What is that? Paul Procter describes it as "...a 200-year-old, three-step process of 'thesis, antithesis, and synthesis', developed in the late 1700's by a German named Georg William Friedreich Hegel that resulted in what we now know as 'group-think.' It is a system Dean Gotcher of Authority Research Institute, calls 'Praxis' that Socialists have used for centuries to seduce, seize, and control mass populations without warfare. It is also in full operation here in the United States under such names as: 'Outcome Based Education.' 'Goals 2000.' 'Sustainable Development.' 'School To Work,' 'DARE' and many more. It's all about embracing 'tolerance, diversity, and unity' for The New World Order. To put it in layman's terms, it's brainwashing."

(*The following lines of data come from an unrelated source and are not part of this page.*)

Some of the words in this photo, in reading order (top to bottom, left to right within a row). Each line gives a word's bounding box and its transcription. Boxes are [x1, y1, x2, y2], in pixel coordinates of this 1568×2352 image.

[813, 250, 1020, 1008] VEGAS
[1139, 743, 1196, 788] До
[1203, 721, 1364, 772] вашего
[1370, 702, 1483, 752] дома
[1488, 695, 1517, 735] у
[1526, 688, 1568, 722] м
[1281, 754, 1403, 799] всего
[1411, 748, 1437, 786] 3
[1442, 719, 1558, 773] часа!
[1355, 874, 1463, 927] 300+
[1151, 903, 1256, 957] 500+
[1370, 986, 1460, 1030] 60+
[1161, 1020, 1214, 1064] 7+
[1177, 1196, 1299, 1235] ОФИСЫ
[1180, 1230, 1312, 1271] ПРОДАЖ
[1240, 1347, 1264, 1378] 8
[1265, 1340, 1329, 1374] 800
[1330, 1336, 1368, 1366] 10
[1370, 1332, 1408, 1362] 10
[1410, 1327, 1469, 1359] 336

"Here's how it works: A group gathers, and has agreed beforehand that each in attendance will ultimately surrender his or her own personal position on any given issue to the will or 'consensus' of the group after *processing to consensus* through dialog. In a Christian setting, the presupposition is that the group's will determines 'the will of God.' The group's 'facilitator,' whoever that may be, mediates between sides, be they 'good and evil,' 'for and against,' 'republican and democrat,' 'liberal and conservative,' etc., whatever the case may be, often instigating heated confrontations between the opposing sides for the purpose of suggesting compromise as the perfect solution to restore and maintain the peace and the relationships of everyone involved. The resulting outcome or *consensus* is then re-introduced if necessary, at the next meeting for more 'Praxis,' more dialog and more compromise until another 'consensus' is reached. Then the 'process' repeats all over again...and again...and again until the facilitator's desired outcome is achieved. Over time, the convictions and concerns anyone may have had originally, are processed away beyond recognition or relevance leaving one and all to accept the facilitator's pre-determined outcome as the consensus of the group. It's no longer a question of what is right or wrong, good or bad, lawful or unlawful, but rather HOW WE ALL FEEL ABOUT IT...no absolutes, no conscience, no convictions, no laws, no Constitution, no Bible and NO GOD!!!...only consensus....and a contrived consensus at that. Pretty slick huh? That's the Hegelian Dialectic."

The rest of Paul Proctor's article, WILLOW CREEK HEGELIAN DIALECTIC & THE NEW WORLD ORDER can be read here.

Always Right; Sometimes Wrong!

first posted 5/11/09


Ron Livesay said...


You could become a liberal, and then you could be "Always Left, Always Wrong."

Ralph M. Petersen-Always Right; Sometimes Wrong! said...

That's pretty funny.
It got me thinking. I am a southpaw. I really can't do much of anything with my right hand. So that probably qualifies me to be "Always Left; Always Right!" or maybe "Always Right; Never Right!"